El mininterior, Juan Fernando Cristo, corrió por los pasillos del Congreso gritando que era una vil calumnia que se dijera que su compañero Presidente estuviera pensando en tramitar una Ley habilitante para que se le otorgaran poderes dictatoriales para concederle más curules, más gobierno, más inmunidades, más plata y más becas a la guerrilla, pero nadie le paraba bolas pues al doctor Juan Fernando ya nadie le cree lo que dice ni con un “Cristo” en la mano.

La mejor definición del concepto que tienen las bancadas parlamentarias de Santos y de Cristo la resumió en una sola frase el senador Ernesto Macías Tovar: “Cuando el gobierno dice que NO es porque lo va a hacer”. Mininterior replica con muchos rodeos que la Ley 418 o Ley de Orden Público que le confiere facultades extraordinarias al Presidente de la República para adelantar procesos de paz es amplia y suficiente y por lo tanto descarta, de plano, el referendo como instrumento de refrendación ciudadana en las próximas elecciones del mes de octubre.

Benedetti, desde el otro lado del cuadrilátero insiste en que en Palacio se ventiló en reunión con presidentes de directorios políticos la posibilidad de tramitar una iniciativa de carácter habilitante para el Presidente Santos, del mismo tenor de las que ha tenido Chávez y Maduro para investirse de poderes extraordinarios para vender, comprar, enajenar, perdonar, desterrar, expropiar y hasta para mandar a la cárcel a la oposición.
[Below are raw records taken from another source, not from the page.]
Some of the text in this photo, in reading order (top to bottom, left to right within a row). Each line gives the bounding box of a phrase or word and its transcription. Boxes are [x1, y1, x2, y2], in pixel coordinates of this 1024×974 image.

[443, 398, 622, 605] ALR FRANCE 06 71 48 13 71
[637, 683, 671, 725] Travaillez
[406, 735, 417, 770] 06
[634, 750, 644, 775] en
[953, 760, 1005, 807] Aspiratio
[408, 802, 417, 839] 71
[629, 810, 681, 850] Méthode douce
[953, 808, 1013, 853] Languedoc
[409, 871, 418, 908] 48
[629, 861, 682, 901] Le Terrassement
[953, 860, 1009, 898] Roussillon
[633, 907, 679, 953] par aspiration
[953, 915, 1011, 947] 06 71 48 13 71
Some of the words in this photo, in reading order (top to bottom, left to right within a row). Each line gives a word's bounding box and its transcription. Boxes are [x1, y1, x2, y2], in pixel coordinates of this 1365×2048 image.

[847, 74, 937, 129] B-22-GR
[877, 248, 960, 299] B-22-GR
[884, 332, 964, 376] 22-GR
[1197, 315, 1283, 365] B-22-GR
Benedetti asegura que el Gobierno quiere agregar en los comicios del 25 de octubre una séptima papeleta para que se establezca por referendo un “mandato por la paz”.
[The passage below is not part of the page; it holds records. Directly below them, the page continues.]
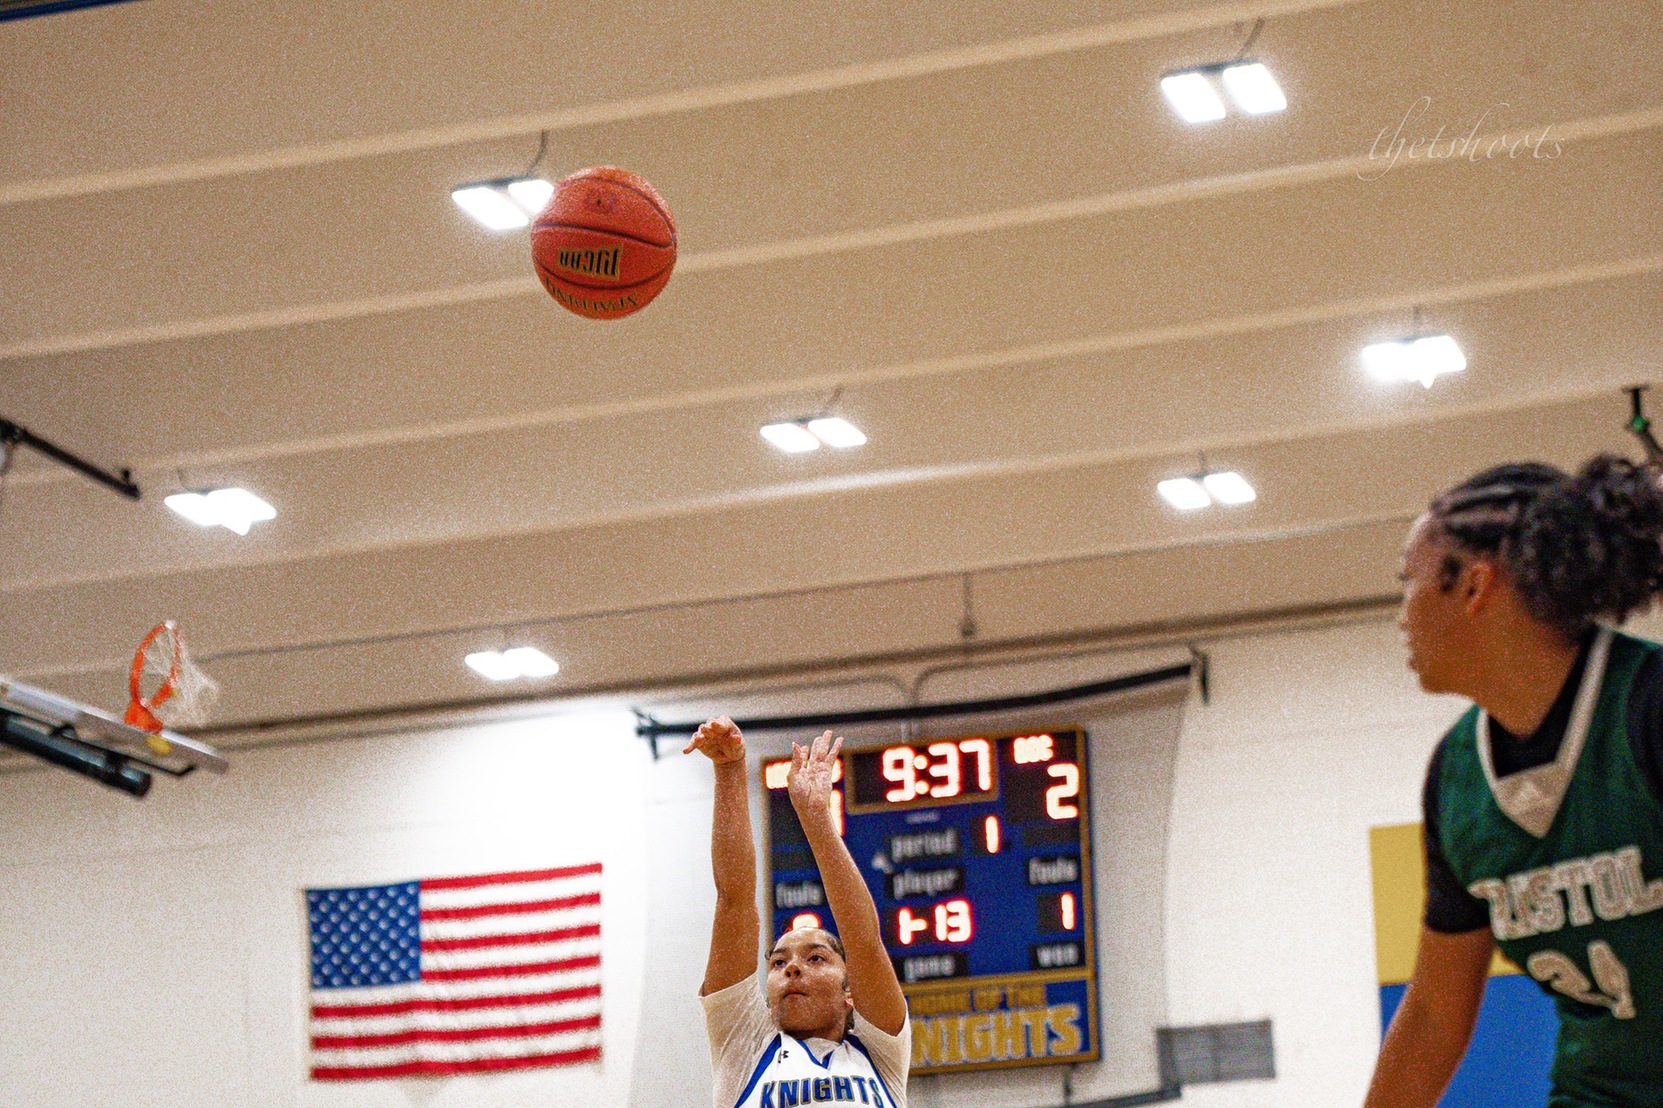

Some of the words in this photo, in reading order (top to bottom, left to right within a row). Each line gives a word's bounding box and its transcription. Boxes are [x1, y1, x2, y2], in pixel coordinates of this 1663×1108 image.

[882, 739, 991, 802] 9:37
[1046, 763, 1079, 819] 2
[985, 815, 998, 853] 1
[1061, 894, 1074, 930] 1
[907, 1002, 1083, 1068] NIGHTS
Mientras crece este debate el senador Álvaro Uribe, le habla cada día más duro al gobierno y a las Farc : “Mientras no se dé un cese de actividades criminales por parte de las Farc con concentración en un sitio y que sea verificable, se debe suspender el avance del diálogo hasta que se dé esa condición, sin levantarse de la mesa”.